Si l’on constate – encore une fois avec exactitude – que la tuberculose et d’autres maladies ont été les principales causes de décès des enfants dans les pensionnats, cela suffit à se faire taxer de négationniste, bien que ce point ait été largement débattu par la Commission Vérité et Réconciliation.
Le rapport de Murray lui-même ne s’intéresse pas particulièrement aux faits ou aux preuves. Par exemple, elle affirme que des « négationnistes » sont entrés sur le site de Kamloops pour déterrer des tombes suspectes. Certains sont venus au milieu de la nuit, munis de pelles, écrit-elle, « ils ont dit qu’ils voulaient « voir par eux-mêmes » si des enfants étaient enterrés à cet endroit ».
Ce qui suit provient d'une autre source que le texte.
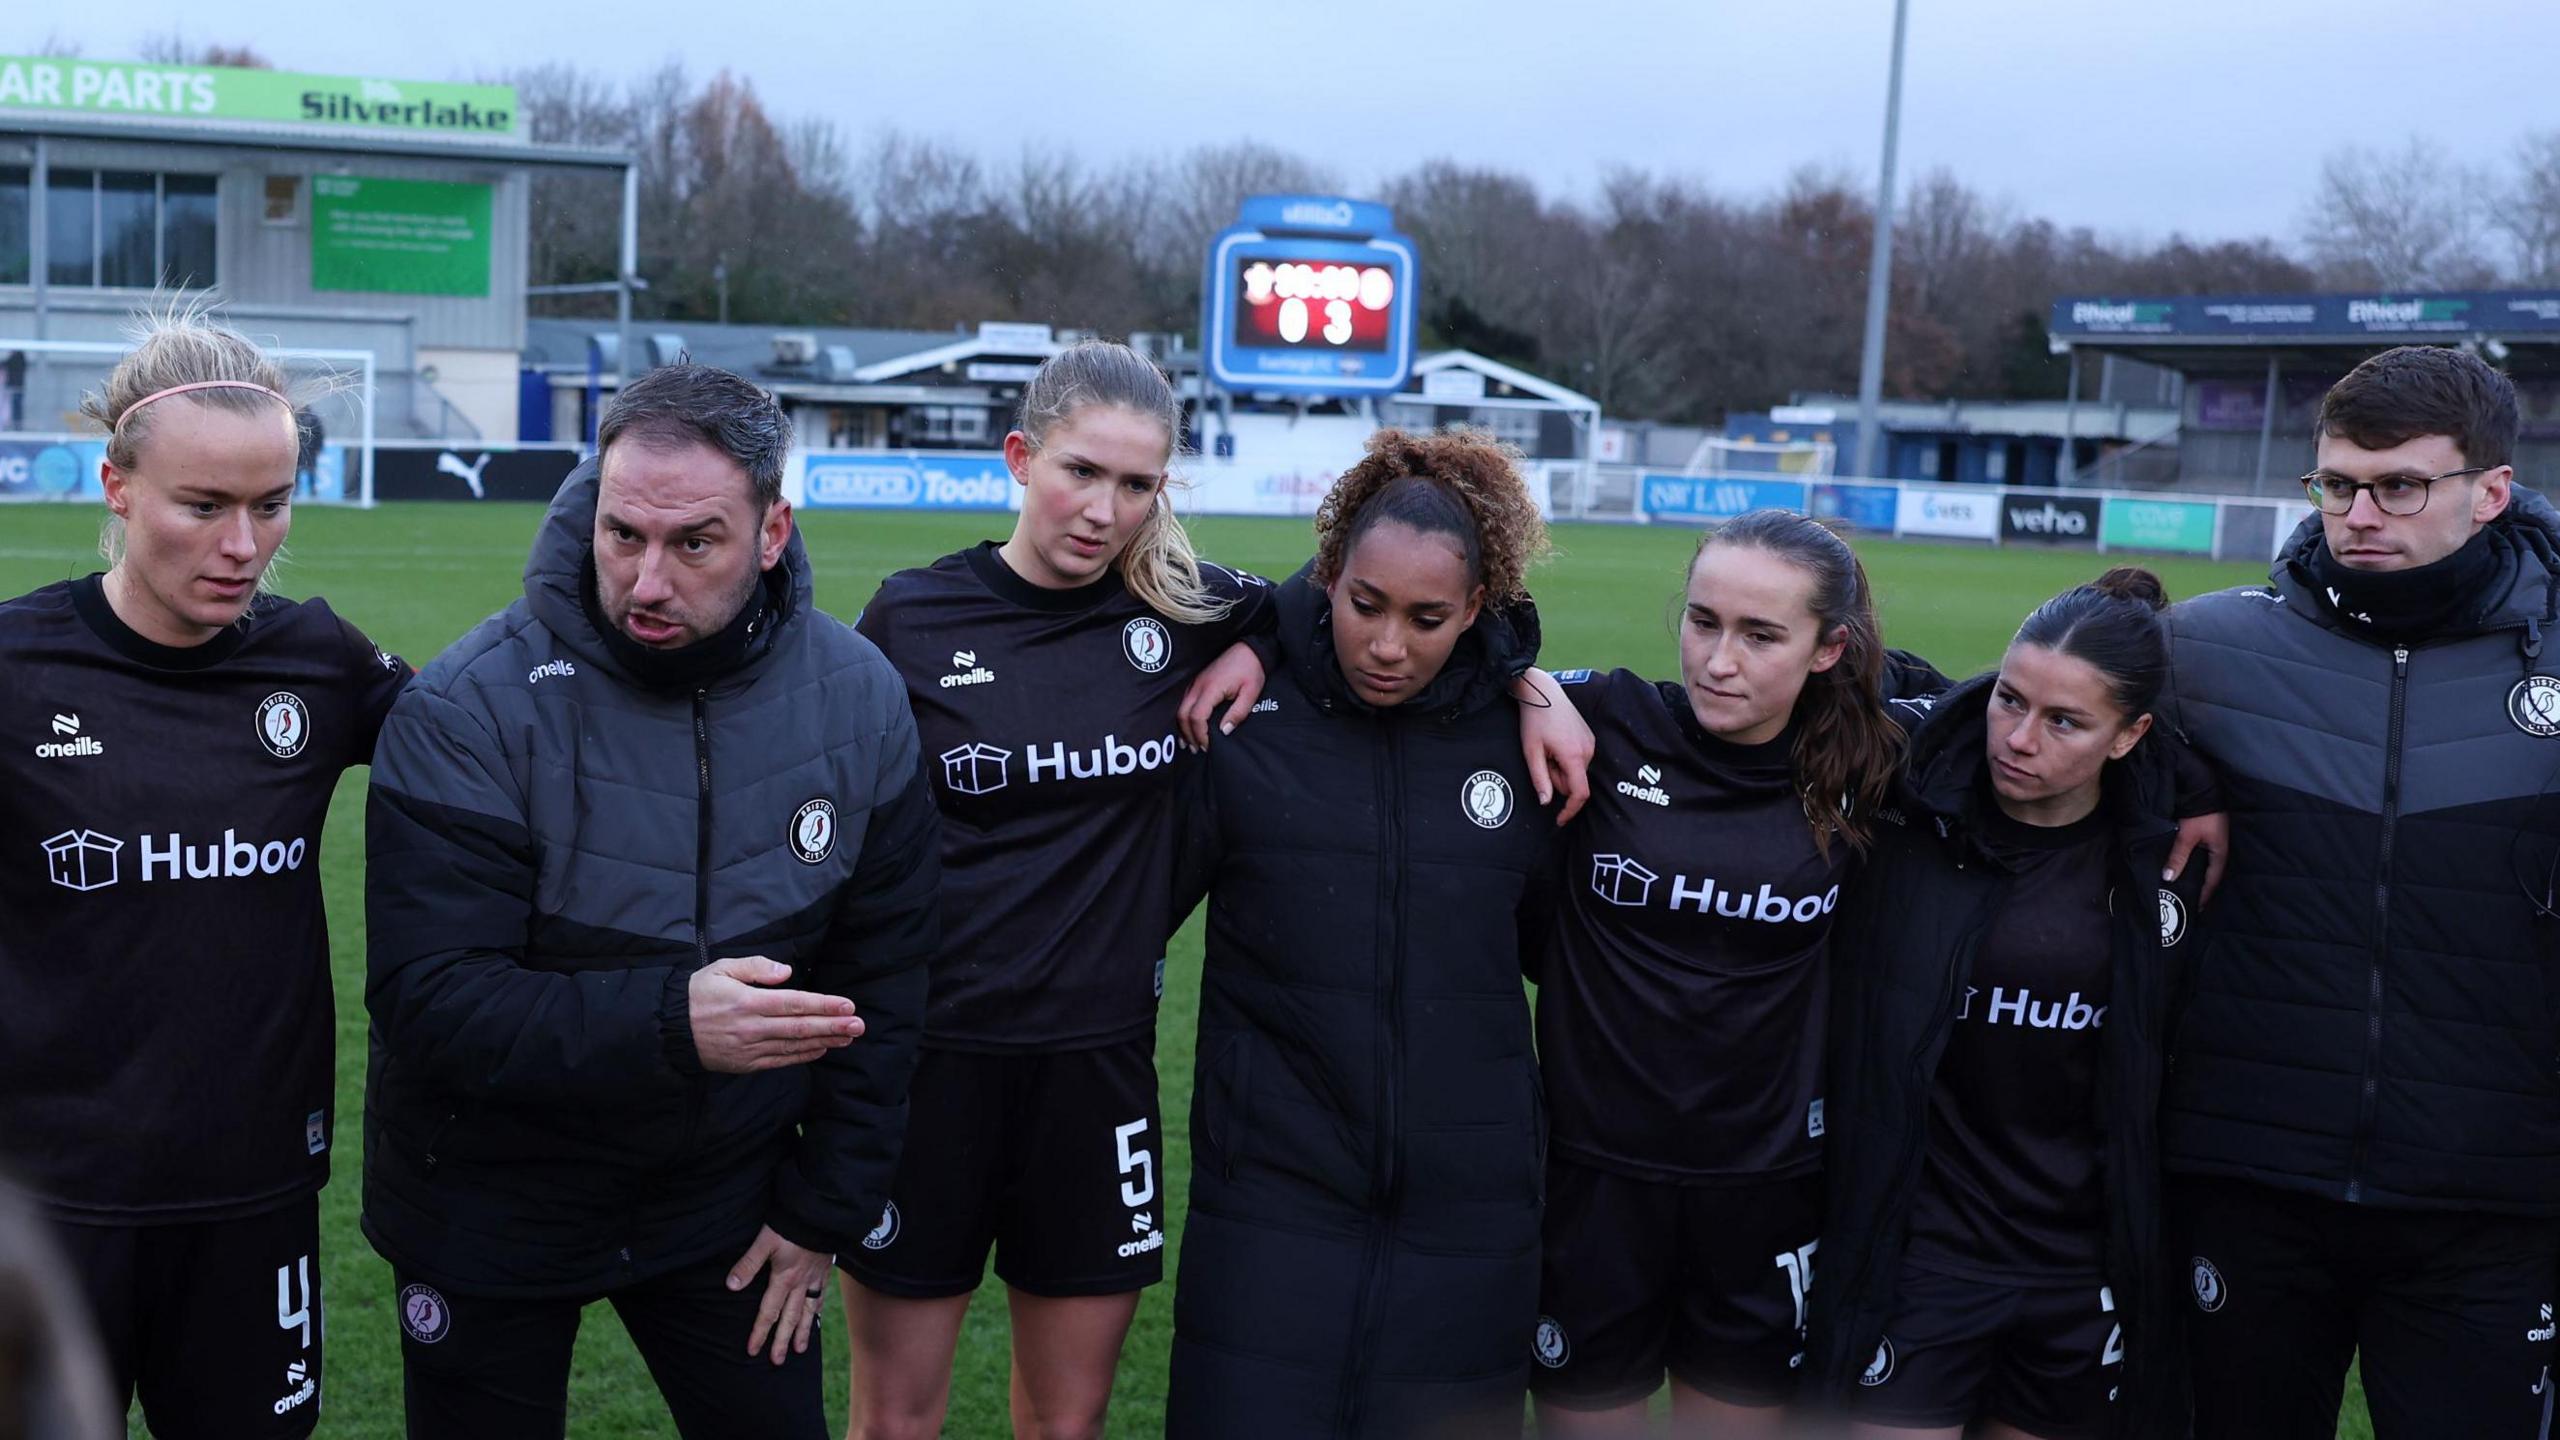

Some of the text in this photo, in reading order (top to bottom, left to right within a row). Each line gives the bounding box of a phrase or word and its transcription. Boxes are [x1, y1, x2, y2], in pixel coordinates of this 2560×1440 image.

S’introduire sur le territoire des Premières nations avec l’intention de violer un lieu de sépulture probable est tout à fait méprisable, et très probablement criminel. Enfin, si cela s’est produit, mais il n’y a apparemment pas eu de rapport de la GRC et Murray ne cite aucune preuve corroborante pour étayer cette histoire. Elle ne nous dit même pas quand cela a pu se produire.
Pour appuyer son appel à des sanctions pénales, Murray cite favorablement la déclaration de Gazan selon laquelle « nier un génocide est une forme d’incitation à la haine », même si la question de savoir si ce qui s’est passé dans les pensionnats canadiens répond aux définitions acceptées d’un génocide est largement débattue. La Commission Vérité et Réconciliation l’a qualifié de « génocide culturel », tandis que certains historiens qui reconnaissent l’intention assimilationniste des pensionnats et les préjudices qui en ont résulté s’abstiennent de les assimiler à ce terme.
L’enquête de 2019 sur les femmes et les filles autochtones disparues et assassinées a également hésité à parler de « génocide colonial », mais même cette appellation était controversée. À l’époque, Roméo Dallaire, qui avait été le témoin direct du génocide rwandais, avait noté que ce qui s’était passé dans les pensionnats était « scandaleux » et « inacceptable », mais avait laissé entendre que ce n’était pas la même chose que ce qui s’était passé au Rwanda, qui était « un acte délibéré d’un gouvernement visant à exterminer, délibérément, par la force et directement, une ethnie ou un groupe d’êtres humains ».
Il s’agit là d’un point de vue raisonnable, qui n’est pas fondé sur le sectarisme, et pourtant nous voici, quatre ans plus tard, en train d’avoir une conversation nationale sur les changements à apporter au Code pénal qui pourraient très bien rendre illégaux des commentaires comme ceux de M. Dallaire. Et cette proposition est soutenue par d’éminents ministres. Le ministre des Relations Couronne-Indigènes, Marc Miller, a tweeté que le « négationnisme des pensionnats » est « de nature criminelle », et le ministre de la Justice, David Lametti, a déclaré qu’il était ouvert à « une solution juridique et à la mise hors-la-loi ».
Étant donné le peu de valeur que ce gouvernement accorde à un débat vigoureux, qui est un moyen éprouvé d’élaborer de meilleures politiques, personne ne devrait être surpris si les libéraux mettent en œuvre de nouvelles restrictions à l’expression. Il y a tout juste un an, le gouvernement a interdit « d’approuver, de nier ou de minimiser l’Holocauste », ce qui n’aura probablement pas d’effet significatif sur l’antisémitisme. Les libéraux devraient également présenter prochainement leur très attendu projet de loi sur les préjudices en ligne, qui donnerait à Ottawa des pouvoirs accrus pour surveiller les discours non approuvés sur l’internet.